WHAT YOU WILL DO:
Leave out the pictures. Return every record otherwise untouched.
------------------------
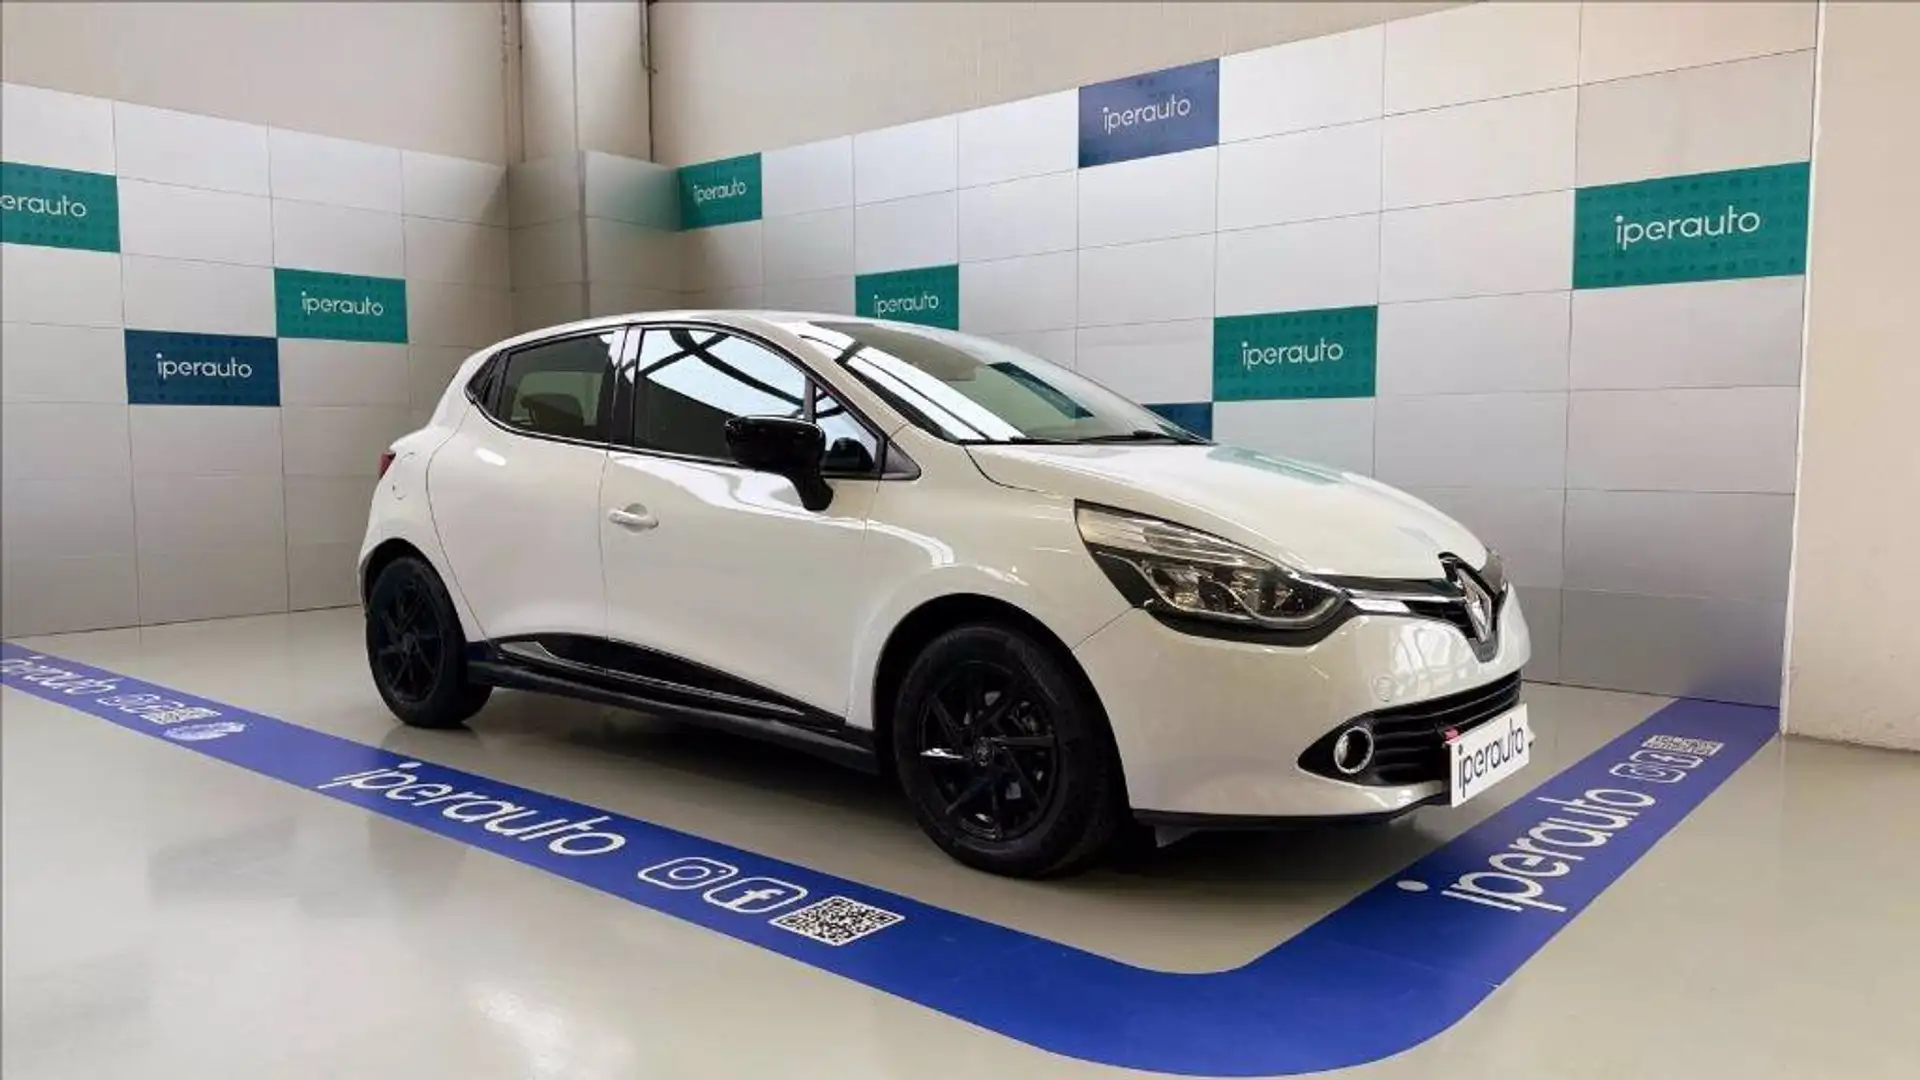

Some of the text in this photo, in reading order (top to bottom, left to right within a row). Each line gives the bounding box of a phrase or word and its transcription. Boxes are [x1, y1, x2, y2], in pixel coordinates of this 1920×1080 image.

[1102, 94, 1191, 134] iperauto
[693, 177, 747, 205] iperauto
[1614, 205, 1760, 250] iperauto
[301, 290, 384, 317] iperauto
[873, 290, 939, 320] iperauto
[156, 353, 253, 380] iperauto
[1242, 338, 1344, 371] iperauto
[1458, 718, 1524, 799] iperauto
[317, 763, 626, 857] iperauto
[1396, 788, 1656, 913] iperauto
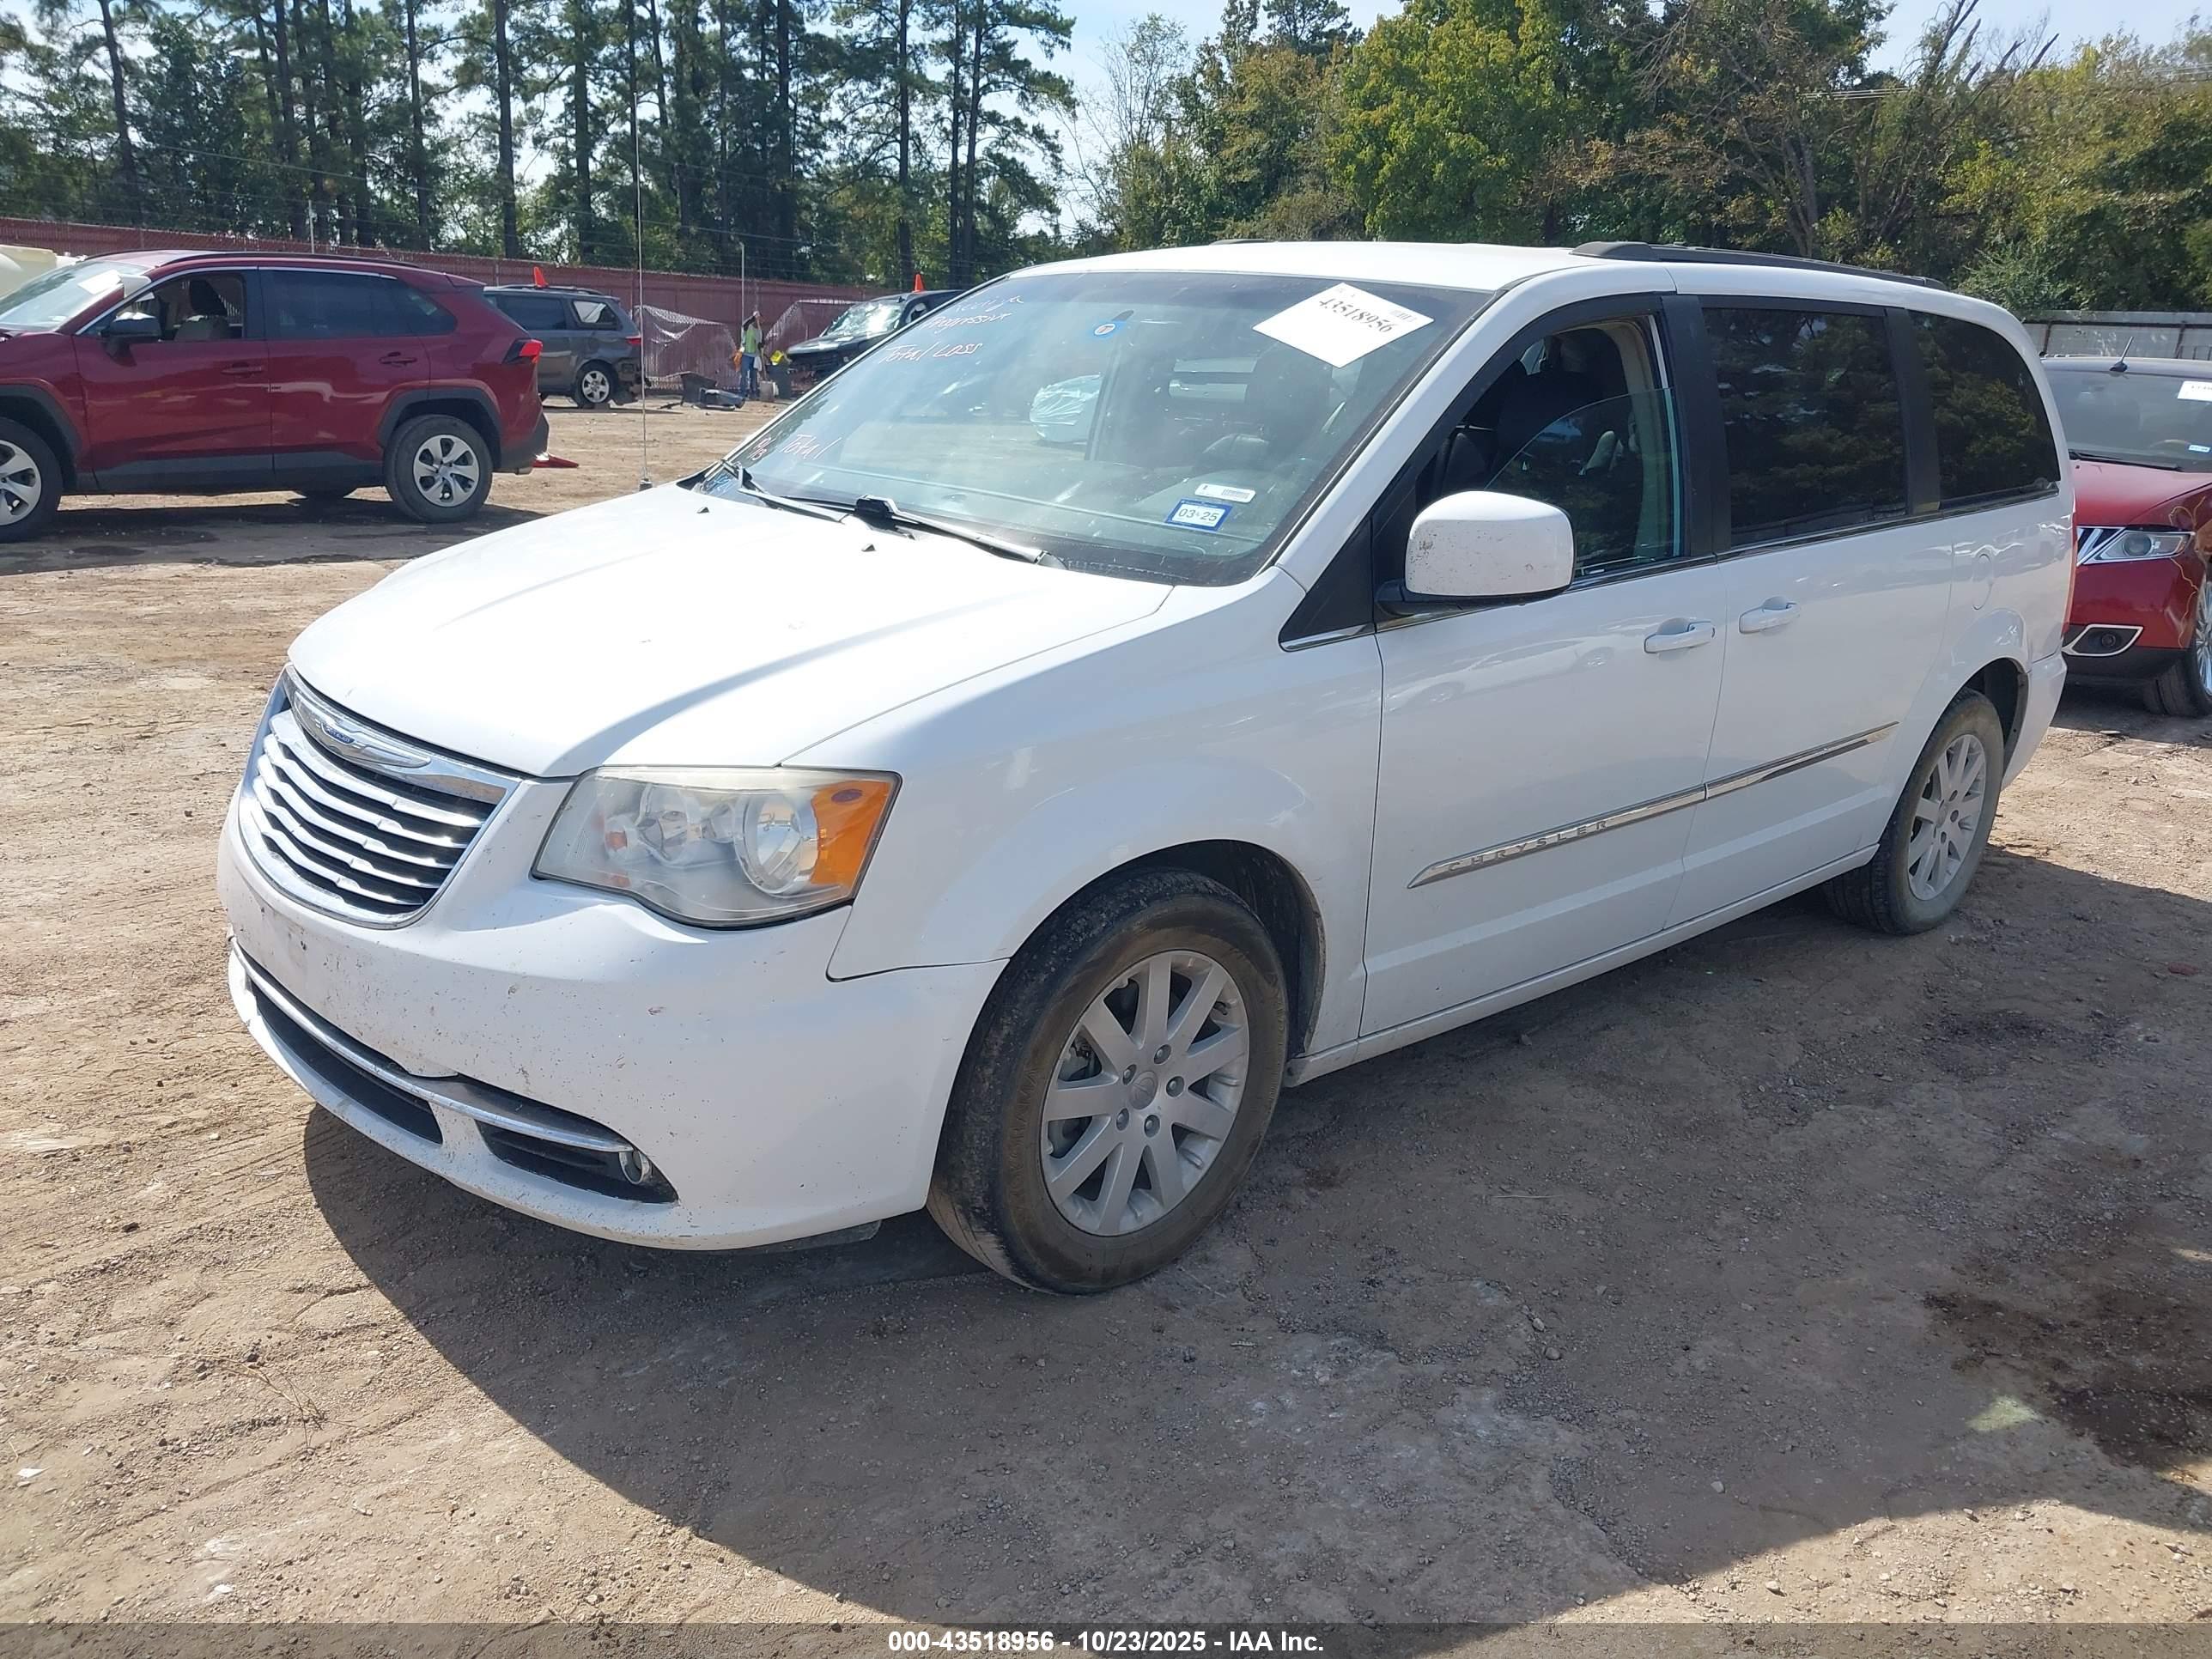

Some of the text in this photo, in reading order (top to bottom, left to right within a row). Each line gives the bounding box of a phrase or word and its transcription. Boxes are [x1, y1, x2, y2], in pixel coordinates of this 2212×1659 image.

[1318, 298, 1396, 333] 43518956
[1177, 508, 1220, 522] 03 25
[1448, 820, 1608, 872] CHRYSLER
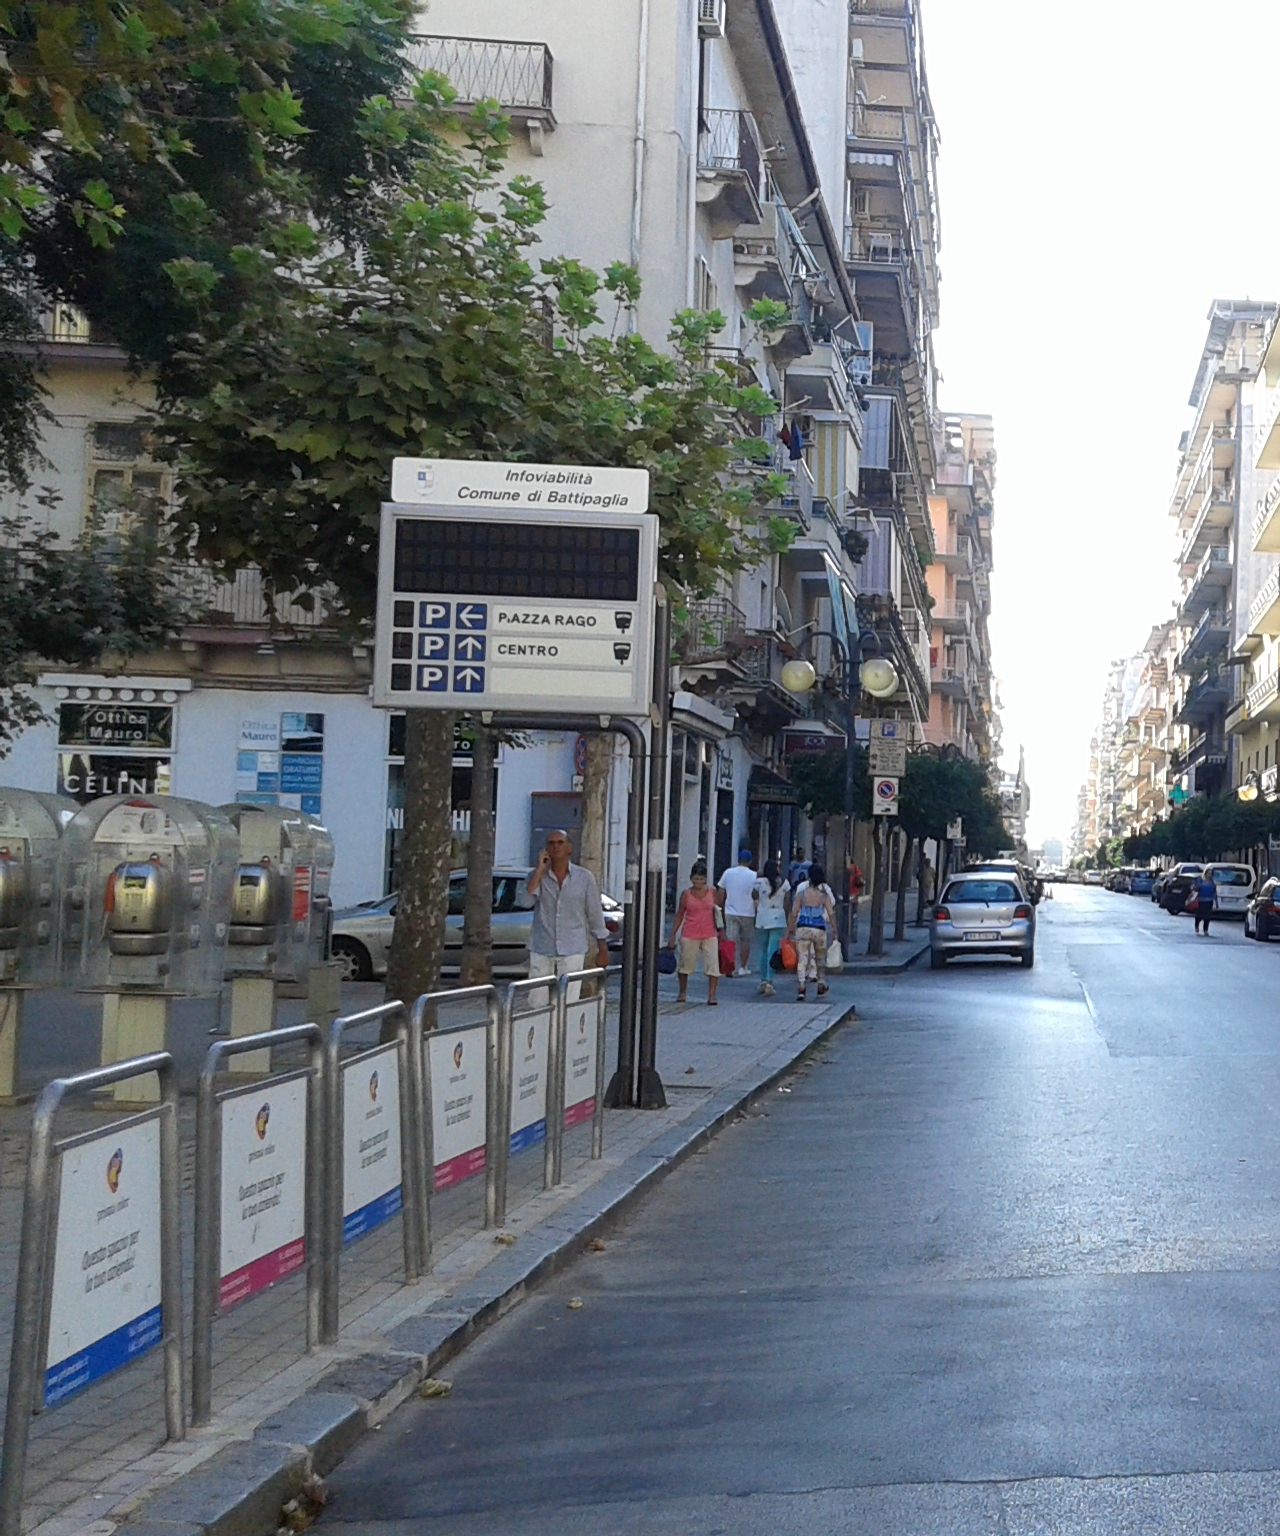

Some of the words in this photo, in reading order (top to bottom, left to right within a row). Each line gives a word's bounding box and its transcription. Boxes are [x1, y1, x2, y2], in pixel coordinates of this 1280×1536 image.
------------------------
EXERCISE ANSWER:
Some of the text in this photo, in reading order (top to bottom, left to right within a row). Each line gives the bounding box of a phrase or word and its transcription. Boxes are [x1, y1, x2, y2], in pixel coordinates of this 1920×1080 image.

[1102, 94, 1191, 134] iperauto
[693, 177, 747, 205] iperauto
[1614, 205, 1760, 250] iperauto
[301, 290, 384, 317] iperauto
[873, 290, 939, 320] iperauto
[156, 353, 253, 380] iperauto
[1242, 338, 1344, 371] iperauto
[1458, 718, 1524, 799] iperauto
[317, 763, 626, 857] iperauto
[1396, 788, 1656, 913] iperauto

Some of the text in this photo, in reading order (top to bottom, left to right within a row). Each line gives the bounding box of a phrase or word and its transcription. Boxes are [x1, y1, x2, y2], in pixel coordinates of this 2212×1659 image.

[1318, 298, 1396, 333] 43518956
[1177, 508, 1220, 522] 03 25
[1448, 820, 1608, 872] CHRYSLER

Some of the words in this photo, in reading order (top to bottom, left to right within a row). Each line gives a word's bounding box and its transcription. Boxes are [x1, y1, x2, y2], in pixel coordinates of this 1280×1536 image.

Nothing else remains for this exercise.